SIU’s Dubai campus, which will offer management, technology and media and communications courses, was officially inaugurated on Thursday by Indian Foreign Minister S. Jaishankar and Sheikh Nahyan bin Mubarak, the UAE minister of tolerance and coexistence. 

“I am sure that this campus will foster greater collaboration and research linkages between scholars of India and UAE, for mutual prosperity and global good,” Jaishankar said during the ceremony. 

“(The) ceremony is not just an inauguration of a new campus; it is a celebration of the growing educational cooperation between our two countries. Right now, Indian curriculum and learning is being imparted through more than 100 International Indian Schools in UAE, benefitting more than 300,000 students.”

Under India’s National Education Policy 2020, New Delhi aims to internationalize the Indian education system, including by establishing campuses abroad. 

Another top Indian school, the Indian Institute of Technology-Delhi, began its first undergraduate courses in September, after starting its teaching program in January with a master’s course in energy transition and sustainability. 

Initially launched in September with more than 100 students, the SIU Dubai Campus is the first Indian university in Dubai to start operations with full accreditation and licensing from the UAE’s top education authorities, including the Ministry of Education. 

“A university setting up a campus abroad is not just a bold step, but a concrete commitment to the goal of globalizing India.
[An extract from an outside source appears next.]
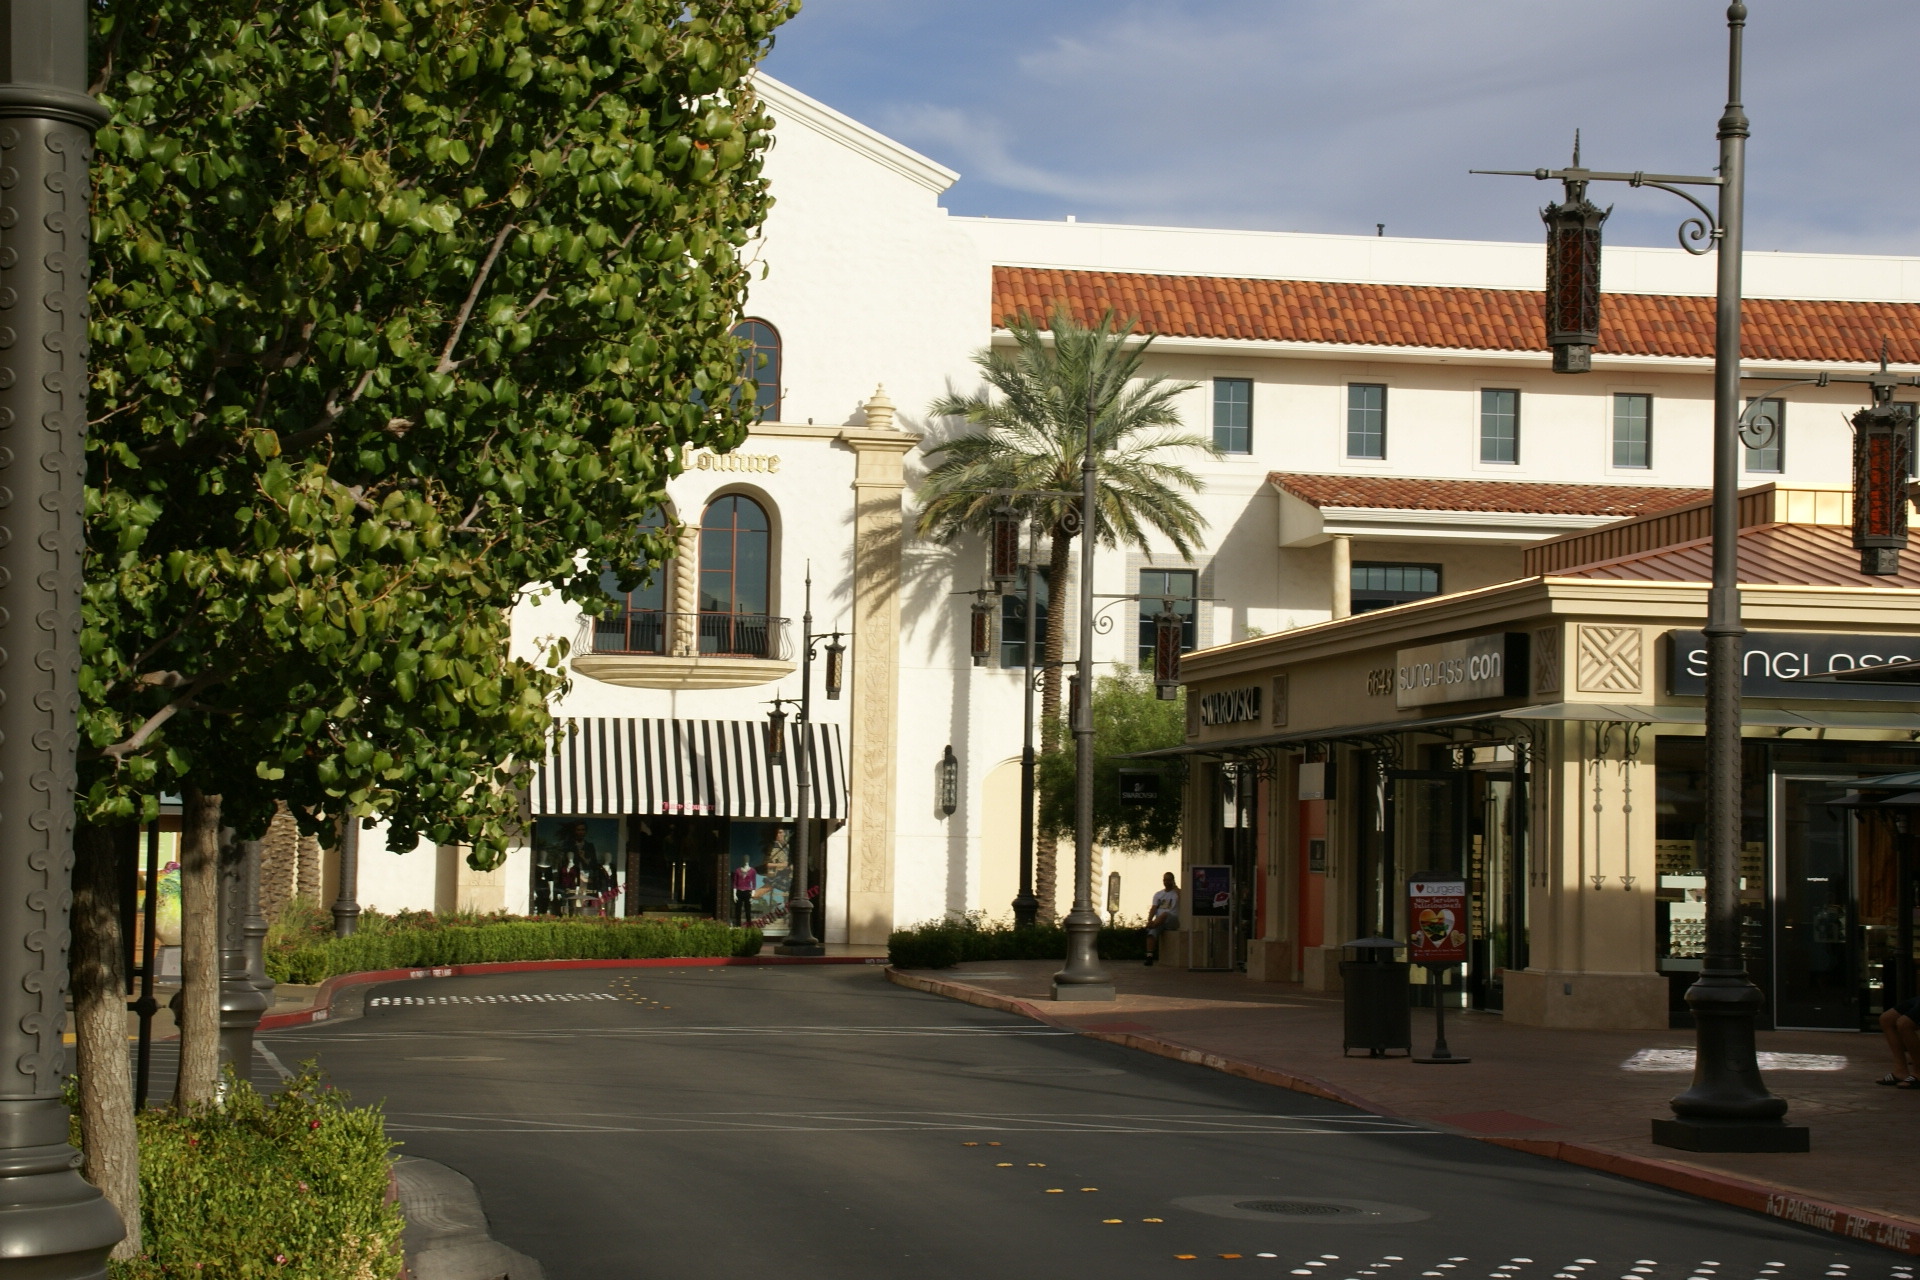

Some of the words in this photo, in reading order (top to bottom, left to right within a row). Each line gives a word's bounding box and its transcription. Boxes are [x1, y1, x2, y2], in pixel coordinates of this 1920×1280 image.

They certainly render an educational service, but even more, connect us to the world by strengthening our living bridges,” Jaishankar added as he addressed the students. 

Dr. Vidya Yeravdekar, pro-chancellor of Symbiosis International University, said that the school’s establishment in Dubai was in line with the UAE’s education goals. 

“Internationalization is central to the UAE’s educational vision,” Yeravdekar said on Friday. 

“By opening our campus in Dubai, we are creating a gateway for students from around the world to engage in a truly global academic experience, where they can benefit from international faculty, real-world industry collaborations, and a curriculum that meets the needs of a changing world.”